Introduction
The technological evolution has allowed the creation of low-cost devices with high processing power and wireless communications. Examples of those devices are the Arduino platform, the Raspberry Pi, among others. Through sensors, these platforms acquire physical data from its surroundings and via actuators it can respond to variations of the values acquired. The same devices when applied in conventional areas make the so-called “smart spaces”. Those spaces can be used in several fields such as environmental monitoring, health care and in domotics
The system is designed to be integrated to any given scenario. In one hand when applied to the environmental monitoring, the device’s energy consumption is highly low. On the other hand, on the health care field, it includes a tracker inside of buildings, which are quite an advantage and a significant breakthrough.
System Architecture
The system itself is an open source, low-cost solution that can be adapted in many applications. The system has three devices all adapted to several scenarios. There is a personal device that collects vital parameters and it monitors the physical activity of the people who carry it. Also, an environmental device is set in order to gather data from the surroundings. It also works as a repeater. Another device gateway is used to connect the system to the Internet and it provides a bidirectional interaction with the outside world. The system manager can access to a web page where all data can be consulted and the modules can be enquired.
The Gateway XBee / GPRS start the network and work like the coordinator of the Digimesh network and create a connection to the web server. At this time it can receive and send data throw the web. All modules can then send sensor or position data.
Hardware Design
The environment device is an Arduino Diecimila ATmega168 with 16 KB of flash, 1 KB of SRAM and 512 bytes of EEPROM. Connected to Arduino we have an XBee shield. This shield is used to connect the XBee radios and the Arduino.
The Corporal Device is an Arduino Fio with an ATmega328P of 32KB flash, 2KB of SRAM and 1KB EEPROM. An XBee socket is available on the bottom of the board.

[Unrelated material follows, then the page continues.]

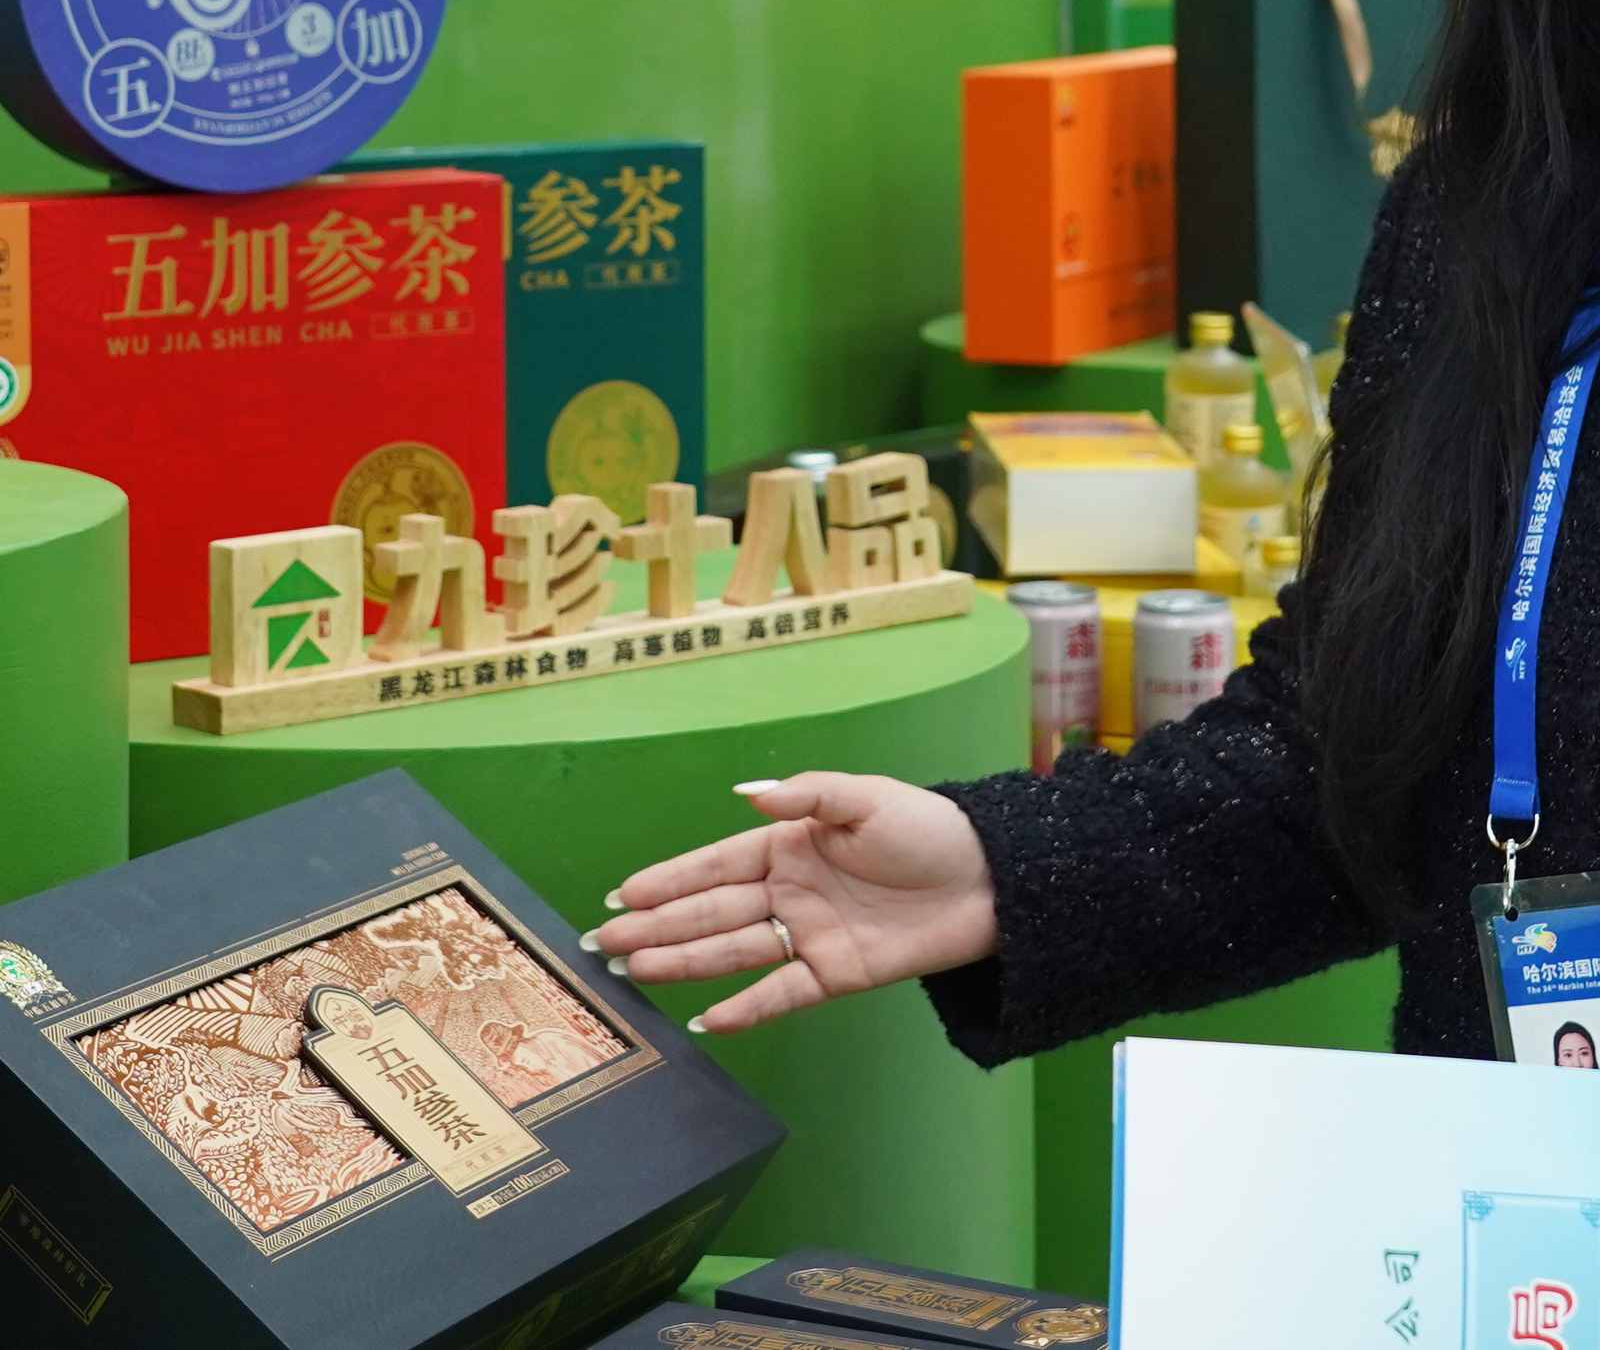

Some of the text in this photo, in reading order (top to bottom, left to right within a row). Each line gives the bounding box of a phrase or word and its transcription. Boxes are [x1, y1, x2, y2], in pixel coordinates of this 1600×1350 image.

The gateway as an Arduino Mega with an ATmega1280 of 128KB flash, 8KB of SRAM and 4KB EEPROM and four serial ports. Connected to Arduino we have a GPRS shield. This shield is used to connect the GPRS radio and the Arduino
The wireless link between the devices and the gateway is established using the Digimesh protocol (IEEE 802.15.4). Our Choice was XBee-PRO® ZNet 2.5 OEM RF Module from DIGI
The wireless link between the gateway and the web server is established using GPRS. For that we used a GSM/GPRS Arduino ready module from LIBELIUM.
For temperature measurement we used an analogue temperature sensor from PHIDGETS that measures values between -40°C and 125°C.
Corporal device
The corporal device was an evolution of another the project Remote Patient Monitoring (2009, Paulo Gonçalves). In this case we used an Arduino Fio, an XBee radio, a 3 axis accelerometer and a lithium battery for power supply. Each person uses this device.
Environmental device
The Environmental device uses an Arduino Diecimilla, an XBee radio and temperature sensor. This device is inserted into a known location and he can perform three principal tasks: Sense temperature from the environment, work as a mesh router and show his network neighbours for device location.
Gateway
The Gateway uses an Arduino Mega, a GPRS module and an Xbee radio. This device connects to the electricity and work as a mesh coordinator and a bridge to the web server.
Web Server
The web server collects all the data and stores it to a MySQL database. It then deploys all the information in a web page. That Web page is used to watch all data from the environment or the patient and to ask all devices or a specific device for his sensor values or positioning. All this is performed in real-time.
Results
We have made location testing to figure out where the corporal devices were. For that we measure the neighbours of two environmental devices with known location. We also get the RSSI value of each neighbour.
| Mobile Device location | Neighbor Devices | RSSI |
| 1 | R01 – 404bfeda | -27 |
| 1 | R02 – 405c2c78 | -58 |
| 5 | R01 – 404bfeda | -38 |
| 5 | R02 – 405c2c78 | -66 |
| 8 | R01 – 404bfeda | -40 |
| 8 | R02 – 405c2c78 | -47 |
In this situation we can see that the higher the RSSI the closer we are from the devices. The mobile device moved between position 1 and 9. The table above shows the average of values obtained over the various measurements of visible neighbours in each position of the mobile device, it also shows the received signal strength values (RSSI) measured in each case. For example, the neighbours of the mobile device in position 1 are R01 and R02. The link to R01 has the value of -27dBm and to R02 of -58dBm. So, we can verify that we are closer from R01 and far away from R02. With those values we can have an idea of where is the mobile device.
Conclusion
Our system keeps the idea of not being necessary any present network in the deployment location. This shows that it can be used in any research area. This and the use of low-cost equipment help to highlight one of the proposed requirements of the project, the creation of a low-cost system.